=== YOUR INSTRUCTIONS ===
Print all of the data exactly, but drop the pictures.

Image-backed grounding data
+ + + + +
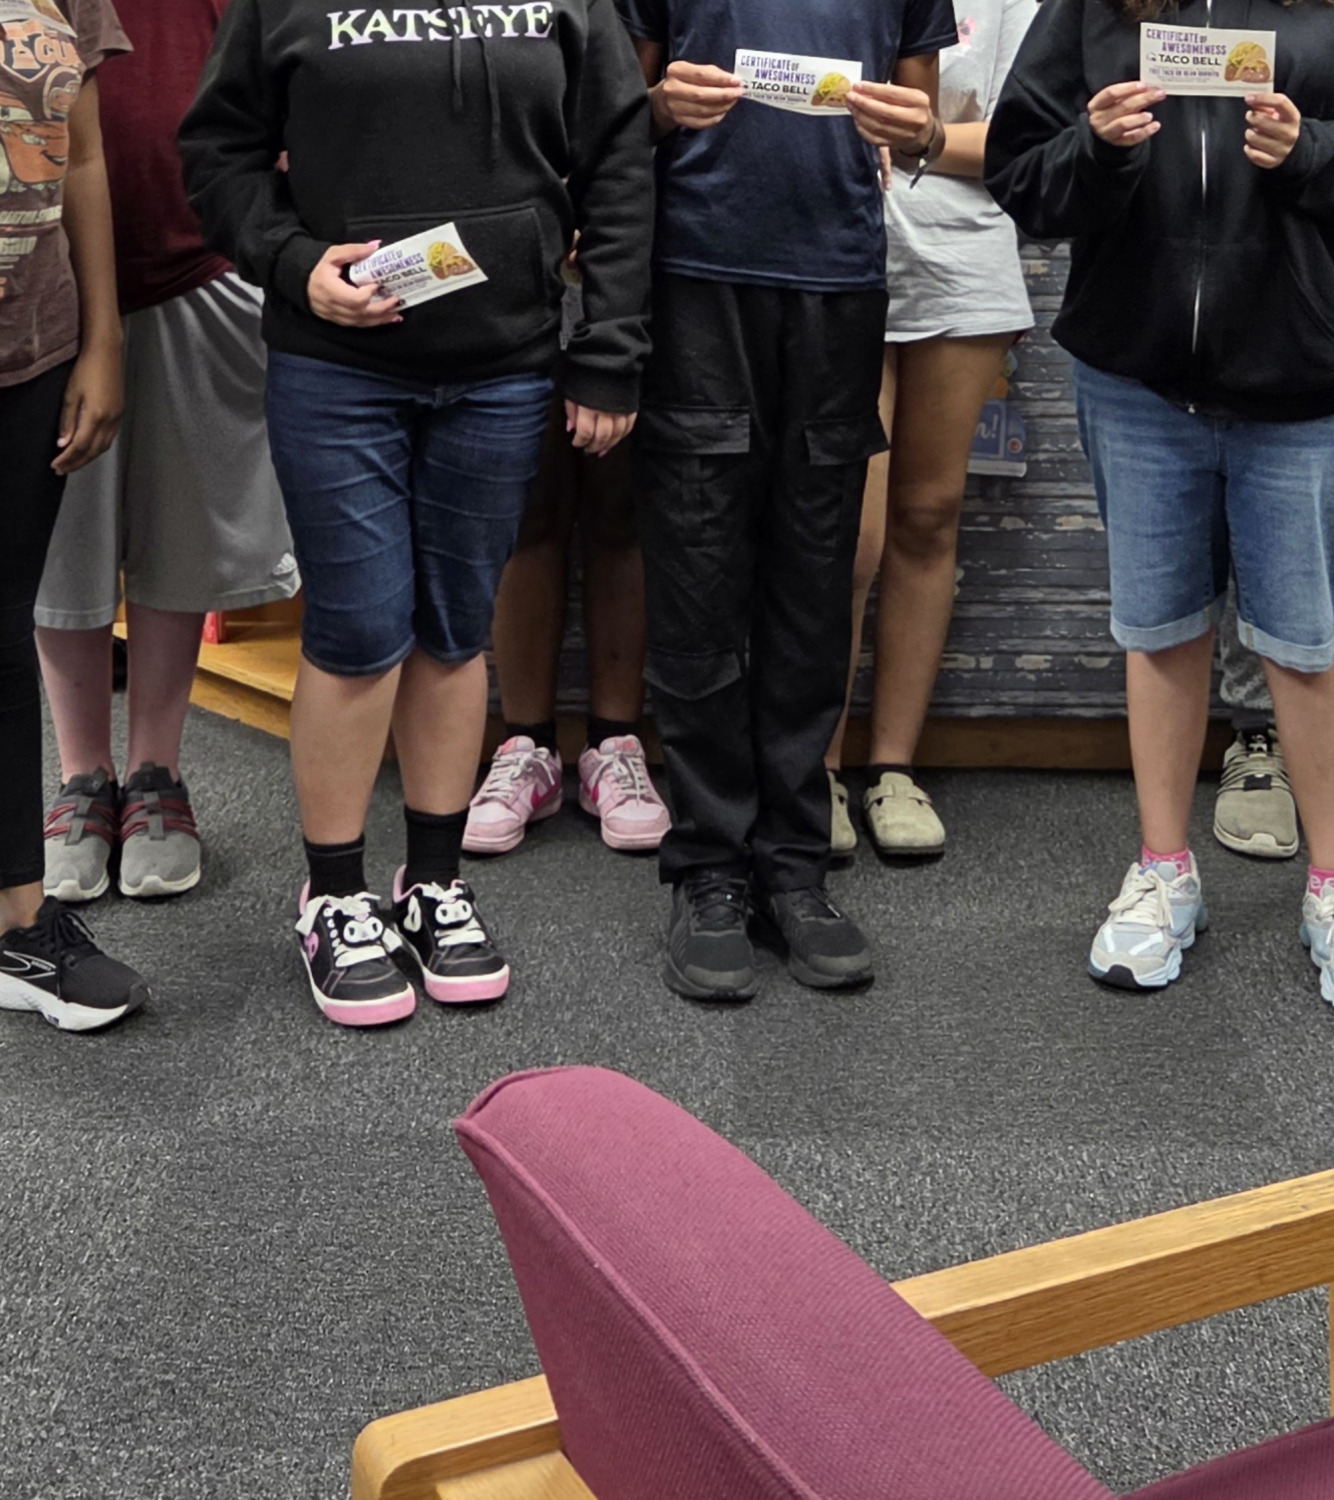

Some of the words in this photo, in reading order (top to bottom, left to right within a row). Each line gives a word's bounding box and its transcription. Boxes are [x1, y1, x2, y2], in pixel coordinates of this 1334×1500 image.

[326, 1, 554, 50] KATSEYE
[1146, 28, 1199, 43] CERTIFICATE
[1162, 42, 1227, 55] AWESOMENESS
[740, 55, 791, 71] CERTIFICATE
[1158, 54, 1189, 65] TACO
[1192, 56, 1222, 66] BELL
[755, 69, 816, 85] AWESOMENESS
[751, 81, 780, 92] TACO
[782, 85, 810, 95] BELL
[371, 253, 425, 279] AWESOMENESS
[402, 266, 428, 281] BELL
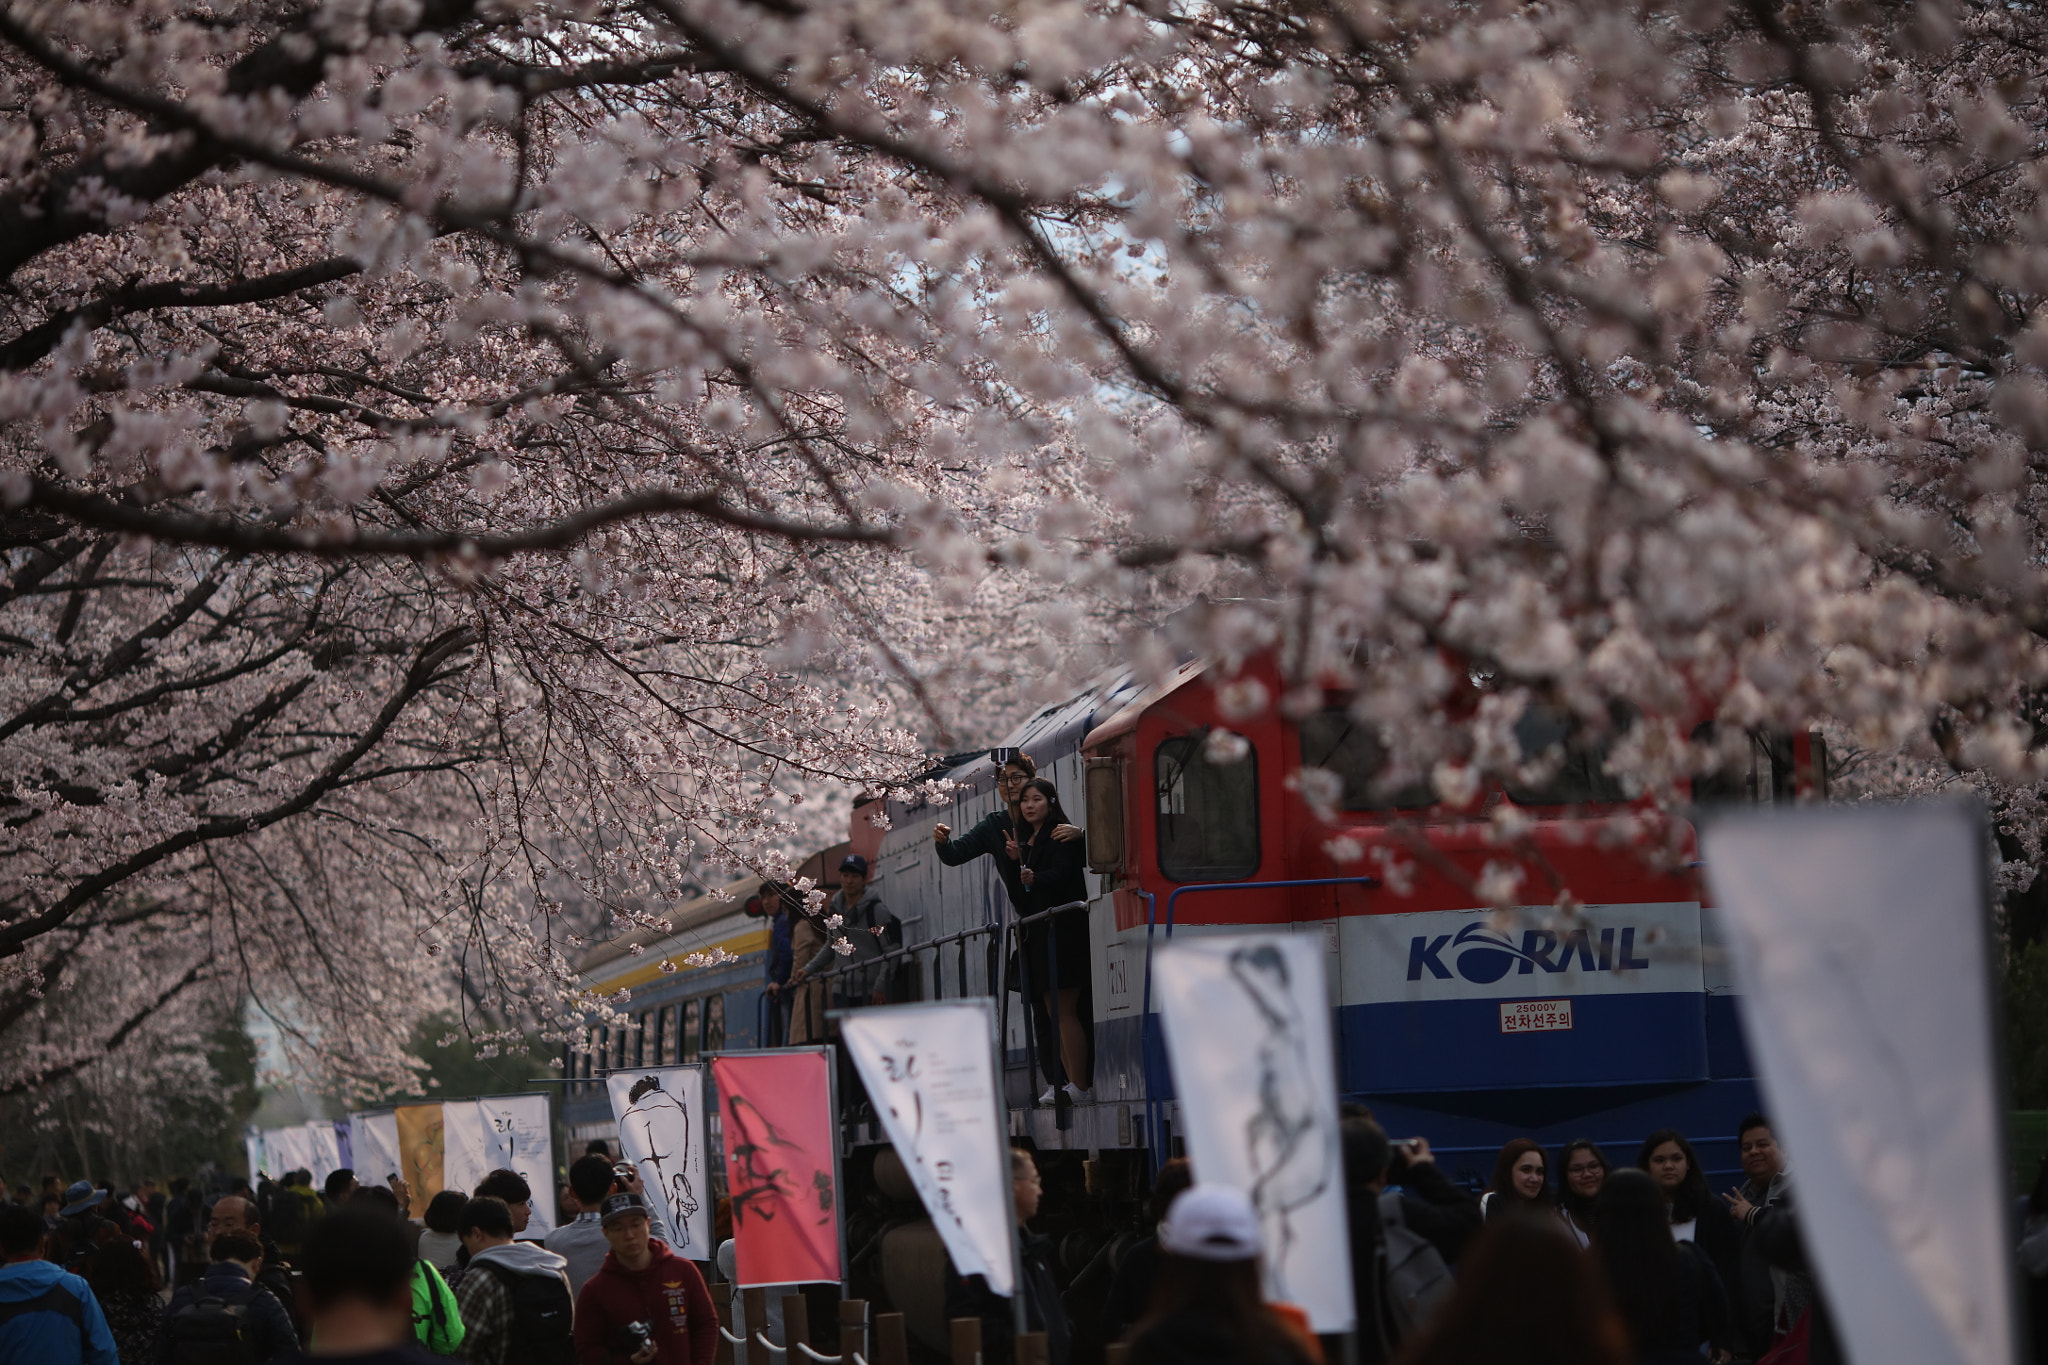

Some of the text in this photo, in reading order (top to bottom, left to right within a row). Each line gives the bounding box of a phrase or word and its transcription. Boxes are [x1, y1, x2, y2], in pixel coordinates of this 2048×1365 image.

[1407, 921, 1649, 984] KORAIL
[1516, 1003, 1557, 1013] 25000V
[1504, 1012, 1570, 1030] 전차선주의
+ + + + +
=== COMPLETED TASK ===
Some of the words in this photo, in reading order (top to bottom, left to right within a row). Each line gives a word's bounding box and its transcription. Boxes are [x1, y1, x2, y2], in pixel coordinates of this 1334×1500 image.

[326, 1, 554, 50] KATSEYE
[1146, 28, 1199, 43] CERTIFICATE
[1162, 42, 1227, 55] AWESOMENESS
[740, 55, 791, 71] CERTIFICATE
[1158, 54, 1189, 65] TACO
[1192, 56, 1222, 66] BELL
[755, 69, 816, 85] AWESOMENESS
[751, 81, 780, 92] TACO
[782, 85, 810, 95] BELL
[371, 253, 425, 279] AWESOMENESS
[402, 266, 428, 281] BELL

Some of the text in this photo, in reading order (top to bottom, left to right within a row). Each line gives the bounding box of a phrase or word and its transcription. Boxes are [x1, y1, x2, y2], in pixel coordinates of this 2048×1365 image.

[1407, 921, 1649, 984] KORAIL
[1516, 1003, 1557, 1013] 25000V
[1504, 1012, 1570, 1030] 전차선주의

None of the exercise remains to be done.